These investigations do not apply to cast fittings. Cast austenitic stainless steel pipe fittings are covered by specifications A351/A351M, A743/743M, and A744/A744M.

The stainless steel butt-weld pipe fittings subject to these investigations are currently classifiable under subheading 7307.23.0000 of the Harmonized Tariff Schedule of the United States (HTSUS). Although the HTSUS subheadings are provided for convenience and customs purposes, the written description of the scope of this investigation is dispositive.

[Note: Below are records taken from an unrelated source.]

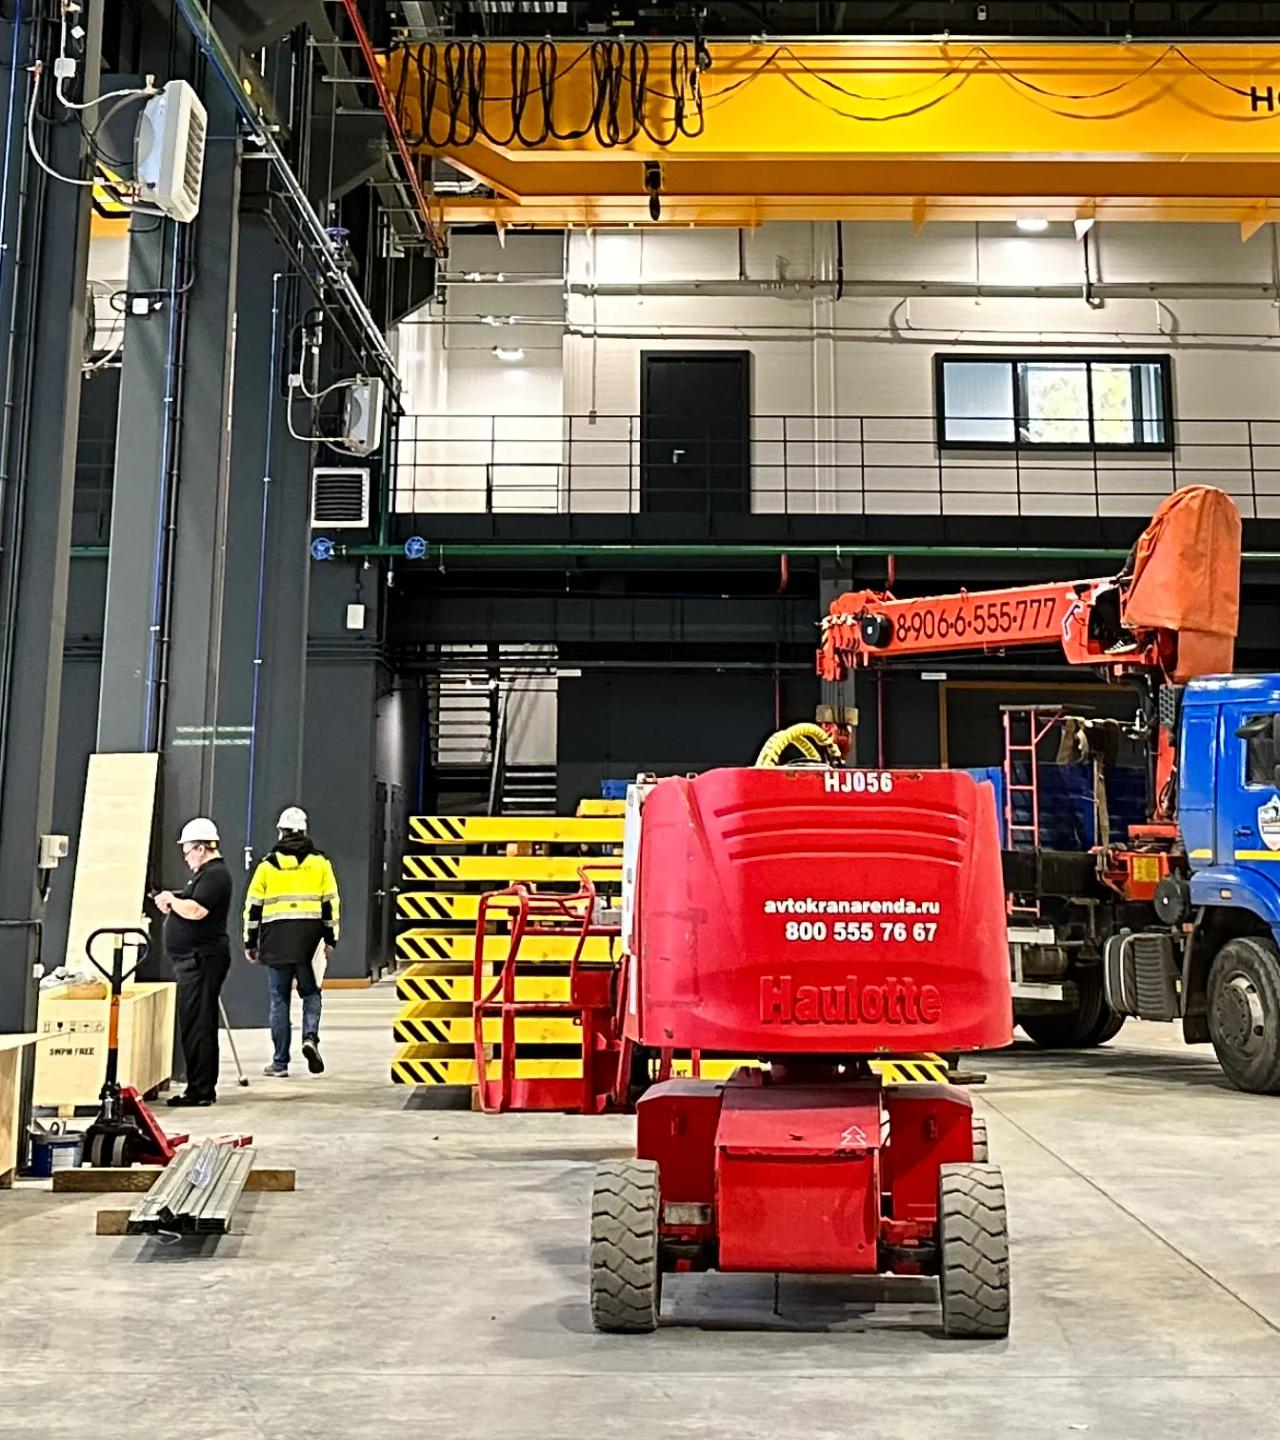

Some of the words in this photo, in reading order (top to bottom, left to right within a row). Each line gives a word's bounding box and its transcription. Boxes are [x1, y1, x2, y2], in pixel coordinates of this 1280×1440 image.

[823, 771, 894, 794] HJ056
[763, 897, 941, 915] avtokranarenda.ru
[784, 920, 828, 942] 800
[832, 921, 874, 942] 555
[879, 921, 908, 942] 76
[912, 922, 938, 942] 67
[758, 973, 942, 1026] Haulotte

During our review of the petition, we discussed the scope with the petitioners to insure that the scope in the petition accurately reflects the product for which they are seeking relief. Moreover, as discussed in the preamble to the Department's regulations (62 FR 27323), we are setting aside a period for parties to raise issues regarding product coverage. The Department encourages all parties to submit such comments by February 1, 2000. Comments should be addressed to Import Administration's Central Record Unit at Room 1870, U.S. Department of Commerce, 14th Street and Constitution Avenue, NW., Washington, DC 20230. The period of scope consultations is intended to provide the Department with ample opportunity to consider all comments and consult with parties prior to the issuance of the preliminary determination.

Determination of Industry Support for the Petition

Section 732(b)(1) of the Act requires that a petition be filed on behalf of the domestic industry. Section 732(c)(4)(A) of the Act provides that a petition meets this requirement if the domestic producers or workers who support the petition account for: (1) At least 25 percent of the total production of the domestic like product; and (2) more than 50 percent of the production of the domestic like product produced by that portion of the industry expressing support for, or opposition to, the petition.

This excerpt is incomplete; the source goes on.